Un vol n’est pas un meurtre. Une dégradation n’est pas un acte qui enlève la vie à une personne. La gravité des faits doit déterminer la décision judiciaire. Lorsqu’un mineur commet un crime aussi grave, l’âge ne peut pas devenir un élément qui efface la responsabilité liée à ses actes.

Face à un meurtre reconnu, une prestation éducative de 150 heures ne peut pas apparaître comme une réponse appropriée. La justice doit disposer d’outils adaptés : placement, encadrement renforcé, suivi électronique ou autres mesures permettant une réelle responsabilisation.

Il est inacceptable qu’une famille doive attendre quatre années avant d’obtenir une décision de justice. Une procédure aussi longue pose également une question essentielle : après autant de temps, le jeune qui a commis les faits n’est plus le même, il a grandi, évolué et peut perdre progressivement la conscience de la gravité de son acte. Une justice efficace doit intervenir dans un délai qui permet encore de responsabiliser réellement l’auteur des faits. 

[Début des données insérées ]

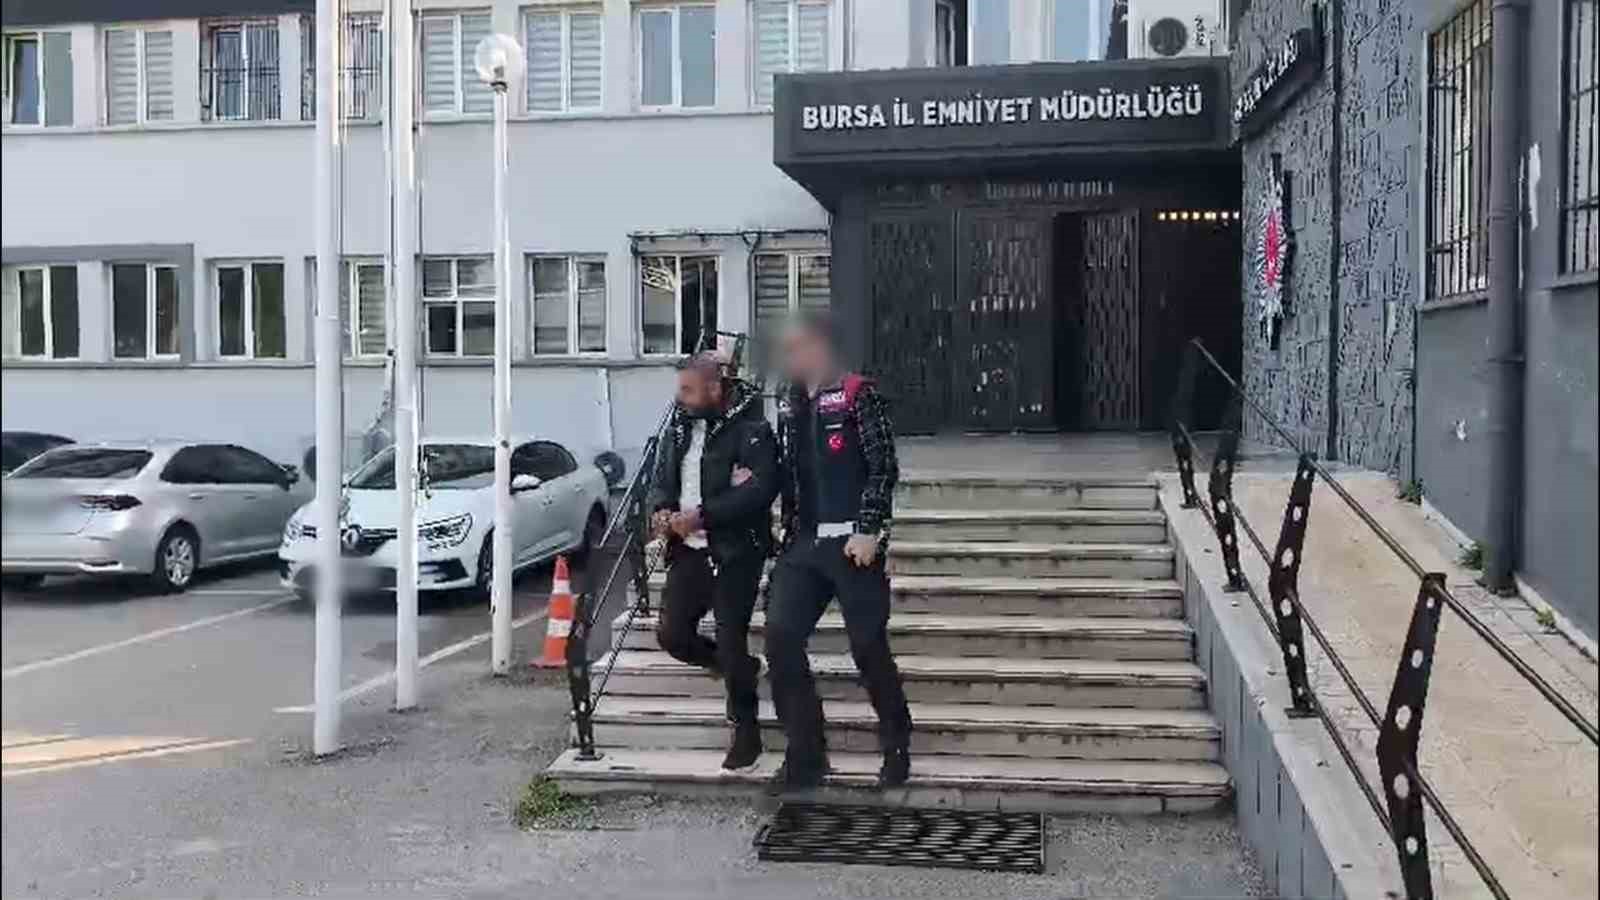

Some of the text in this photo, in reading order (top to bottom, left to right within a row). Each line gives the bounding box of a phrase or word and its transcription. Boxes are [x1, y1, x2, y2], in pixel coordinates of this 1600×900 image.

Chez les Jeunes MR, nous défendons une justice équilibrée et ferme face aux actes les plus graves, mais capable d’accompagner les jeunes lorsque la réinsertion est possible. Les IPPJ doivent rester une mesure d’exception, mais elles doivent pouvoir être utilisées lorsque la gravité des faits l’exige.

La responsabilité doit aussi être collective. La place des parents et de la famille dans l’accompagnement du jeune doit être questionnée. La responsabilisation ne peut pas concerner uniquement le jeune, mais aussi son environnement.

La justice des mineurs doit trouver un équilibre entre fermeté et réinsertion. Aider un jeune ne signifie pas minimiser ses actes. Une société juste est une société capable de donner une seconde chance, mais aussi de protéger les victimes et de reconnaître la gravité des actes commis.